If you suspect you have ringworm or have been in contact with someone who has ringworm, seek medical attention and follow the prescribed treatment plan. Early treatment can help prevent the infection from spreading and minimize the risk of complications.



The diagnosis of ringworm is typically made based on a combination of clinical presentation and laboratory tests:

Physical Examination: Ringworm is a fungal infection that can occur on the skin, scalp, or nails, and it typically appears as a circular or ring-shaped rash with raised, red edges and clear centers. The affected skin may be itchy and scaly, with a blister-like appearance. The location and severity of the infection can vary depending on the type of ringworm.

Laboratory tests: In some cases, laboratory tests can confirm the diagnosis of ringworm. A skin scraping or biopsy taken from the affected area and examined under a microscope can look for evidence of the fungus. Fungal cultures can identify the specific type of fungus. 

It's important to note that other skin conditions can have a similar appearance to ringworm. A consult with a healthcare professional particularly a Dermatologist can provide an accurate diagnosis.

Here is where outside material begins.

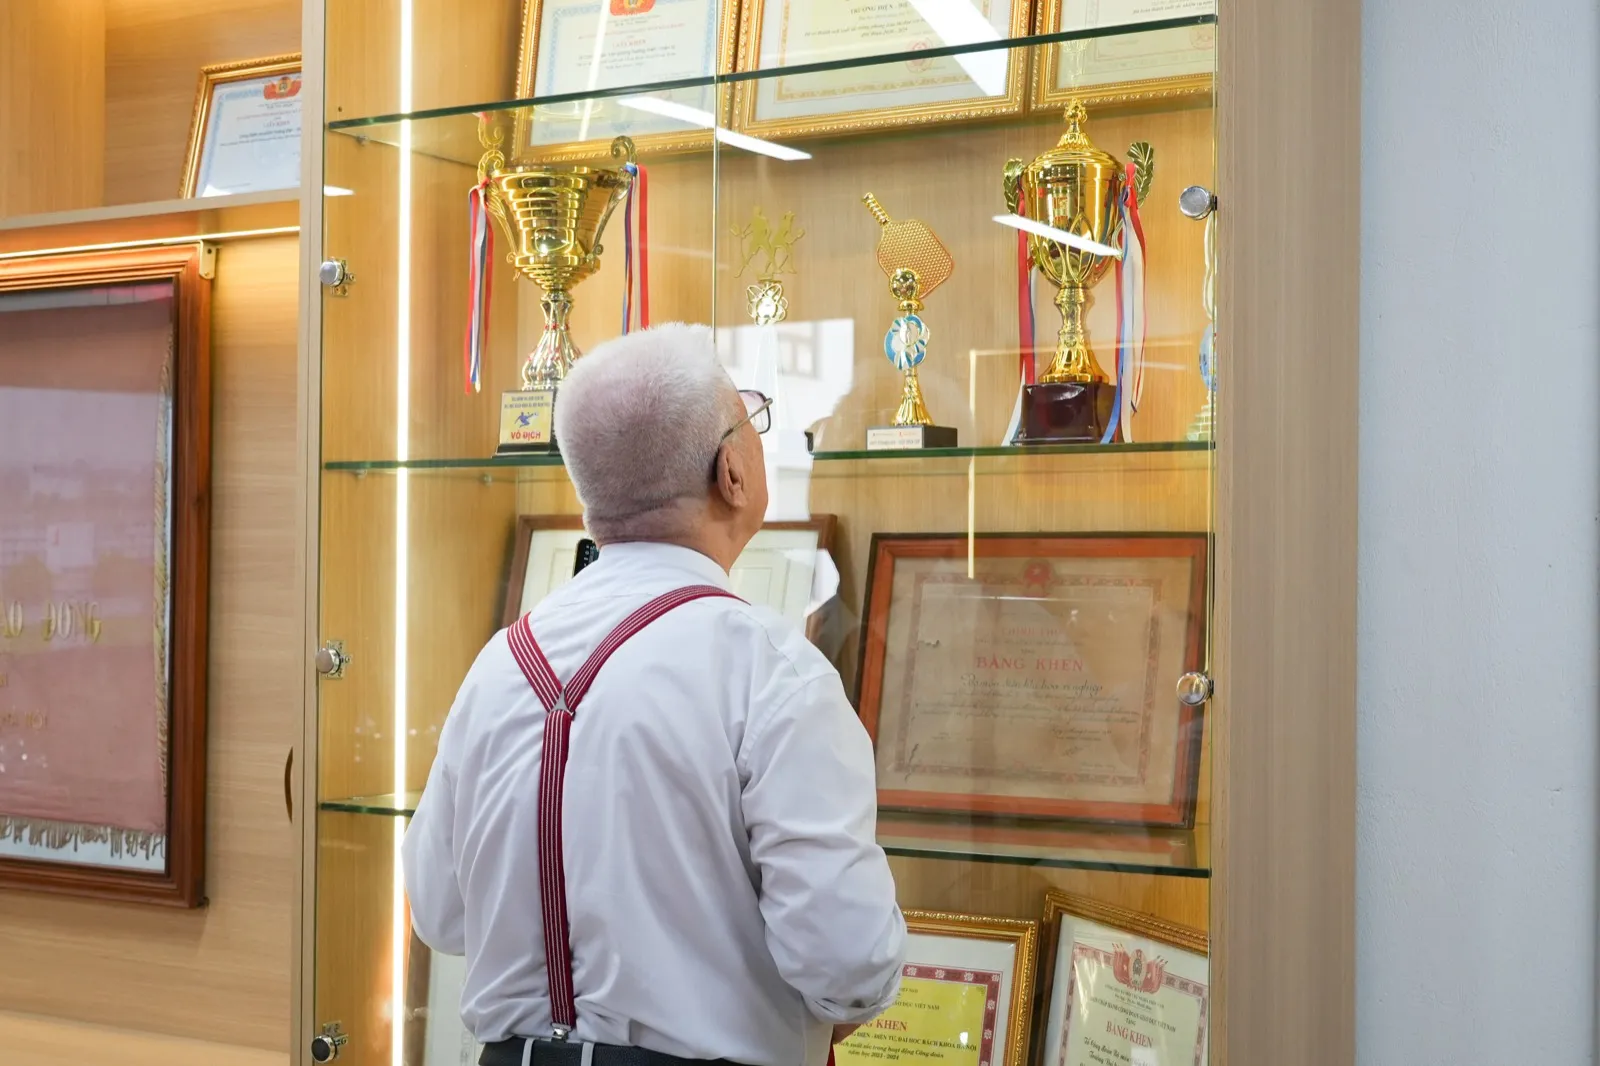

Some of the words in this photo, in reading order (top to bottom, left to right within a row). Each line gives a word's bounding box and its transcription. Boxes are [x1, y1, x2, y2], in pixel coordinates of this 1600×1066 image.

[1036, 658, 1084, 672] KHEN
[876, 1019, 908, 1032] KHEN
[1130, 1030, 1154, 1048] KHEN

Treatment of Ringworm (Tinea Corporis) | When to Consult a Doctor

Generally, you can treat ringworm with antifungal medications, which can be applied topically or taken orally. Here are some treatment options for ringworm:

  1. Topical antifungal medications: These medications, creams, sprays, or lotions are applied directly to the affected skin area. Some common topical antifungal medications include clotrimazole, terbinafine, miconazole, and ketoconazole.
  2. Oral antifungal medications: These medications work for more severe or widespread infections and are taken orally. Some common oral antifungal medications include fluconazole, itraconazole, and terbinafine.
  3. Antifungal shampoos: If ringworm affects the scalp, an antifungal shampoo can deal with that. These shampoos usually contain selenium sulfide or ketoconazole and are used to wash the hair and scalp.
  4. Home remedies: Some people may also try natural remedies, such as tea tree oil, apple cider vinegar, or coconut oil. While these remedies may have some antifungal properties, it's important to note that they are not well-studied and may not be as effective as prescription medications.

It's crucial to continue treatment for the length of time prescribed, even if the rash appears to be improving, to ensure the infection is cleared.